[Referring expression grounding data]
════════

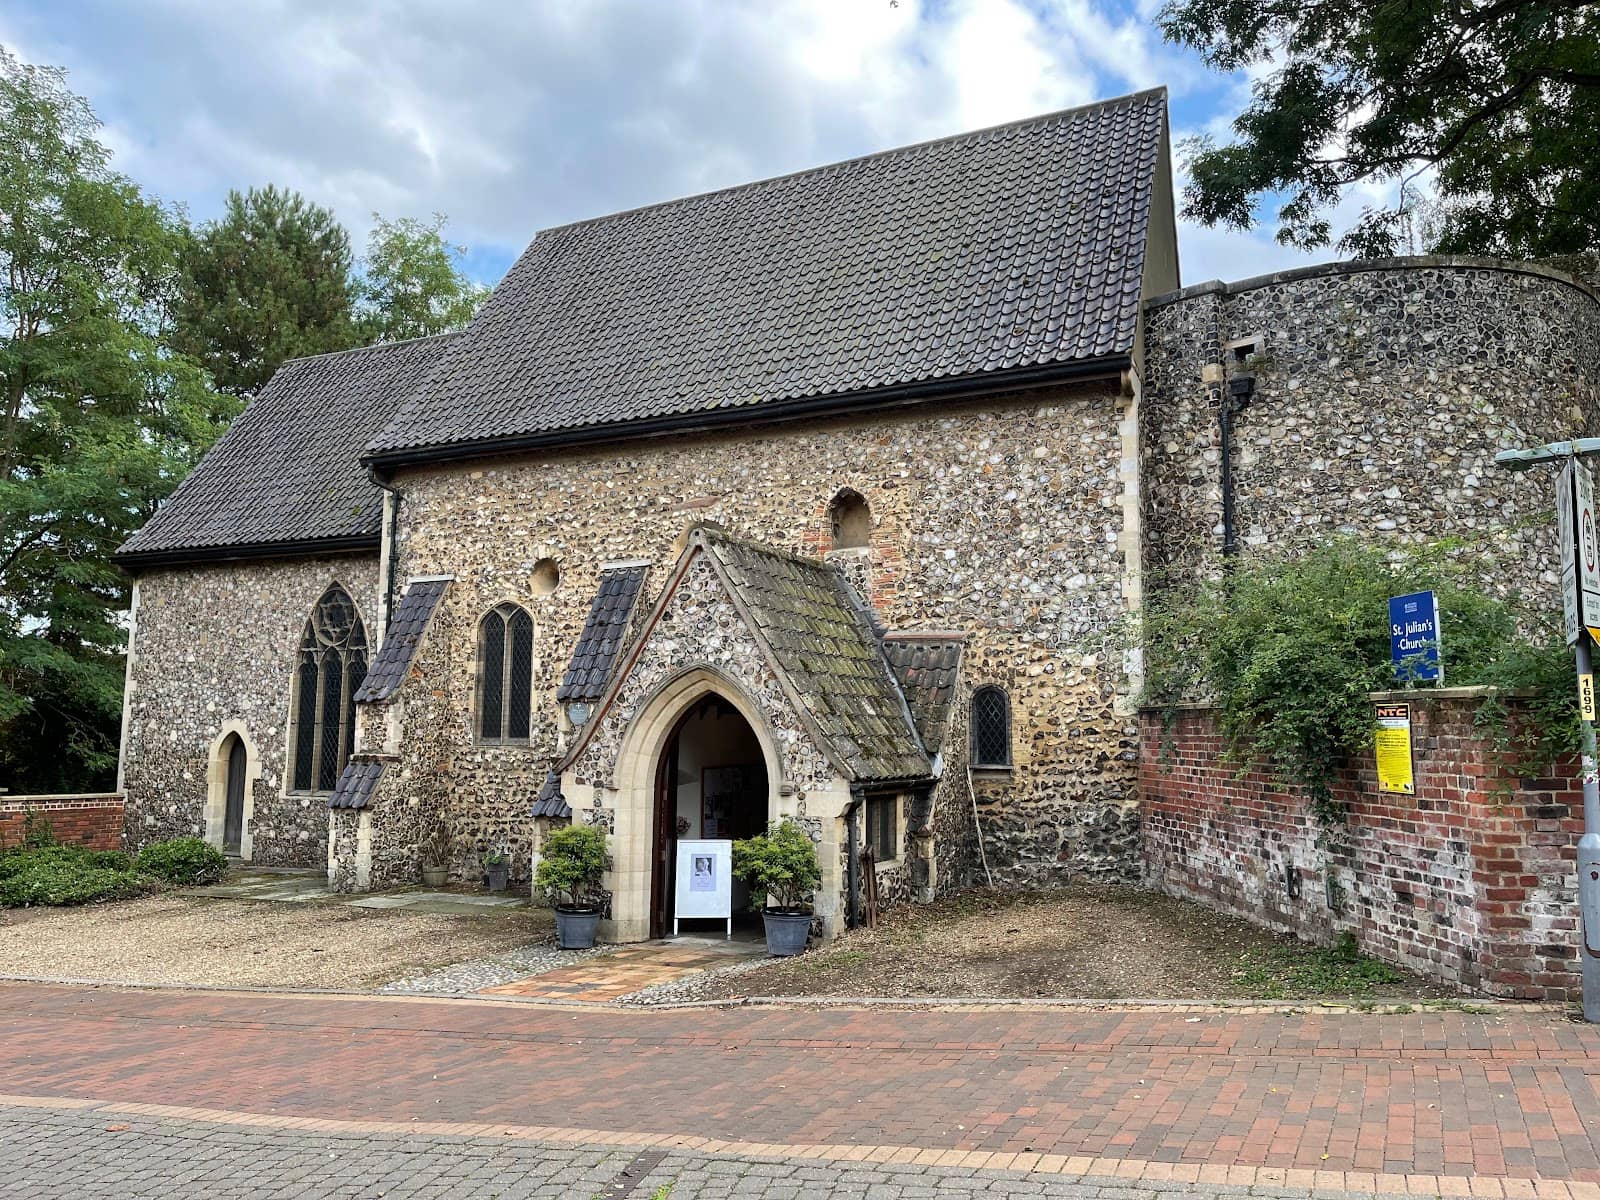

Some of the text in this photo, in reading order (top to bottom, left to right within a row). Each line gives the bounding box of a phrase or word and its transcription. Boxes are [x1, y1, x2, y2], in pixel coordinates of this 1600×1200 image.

[1392, 618, 1433, 637] St. Julian's
[1583, 678, 1592, 714] 1699
[1377, 708, 1407, 717] NTC
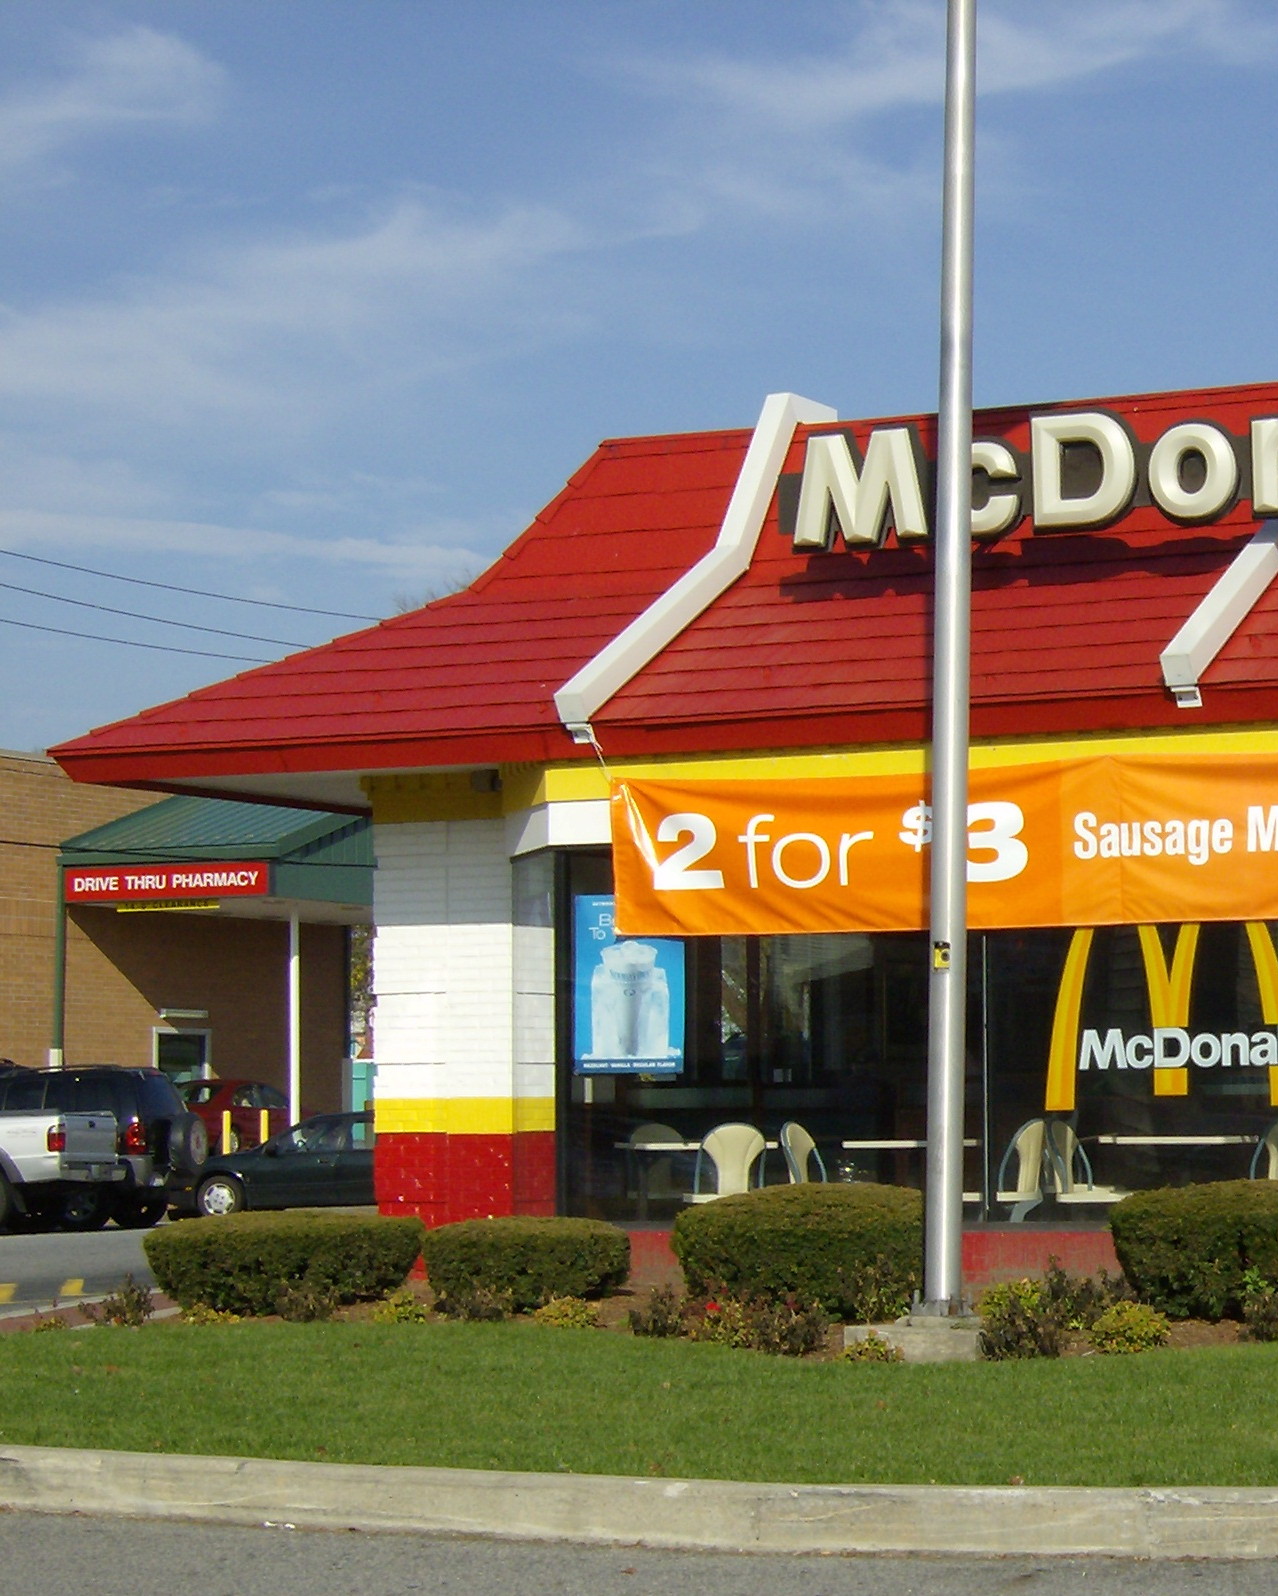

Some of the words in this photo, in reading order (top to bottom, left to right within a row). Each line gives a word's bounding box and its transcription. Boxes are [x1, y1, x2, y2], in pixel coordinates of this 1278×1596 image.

[653, 813, 725, 890] 2
[738, 814, 875, 889] for
[1073, 811, 1234, 866] Sausage
[74, 876, 119, 892] DRIVE
[125, 874, 167, 890] THRU
[172, 870, 259, 888] PHARMACY

════════

Hand back the data exactly as it appears, with all pictures cut.

Answer for the task:
Some of the text in this photo, in reading order (top to bottom, left to right within a row). Each line gives the bounding box of a phrase or word and its transcription. Boxes are [x1, y1, x2, y2], in pixel coordinates of this 1600×1200 image.

[1392, 618, 1433, 637] St. Julian's
[1583, 678, 1592, 714] 1699
[1377, 708, 1407, 717] NTC

Some of the words in this photo, in reading order (top to bottom, left to right within a row). Each line gives a word's bounding box and its transcription. Boxes are [x1, y1, x2, y2], in pixel coordinates of this 1278×1596 image.

[653, 813, 725, 890] 2
[738, 814, 875, 889] for
[1073, 811, 1234, 866] Sausage
[74, 876, 119, 892] DRIVE
[125, 874, 167, 890] THRU
[172, 870, 259, 888] PHARMACY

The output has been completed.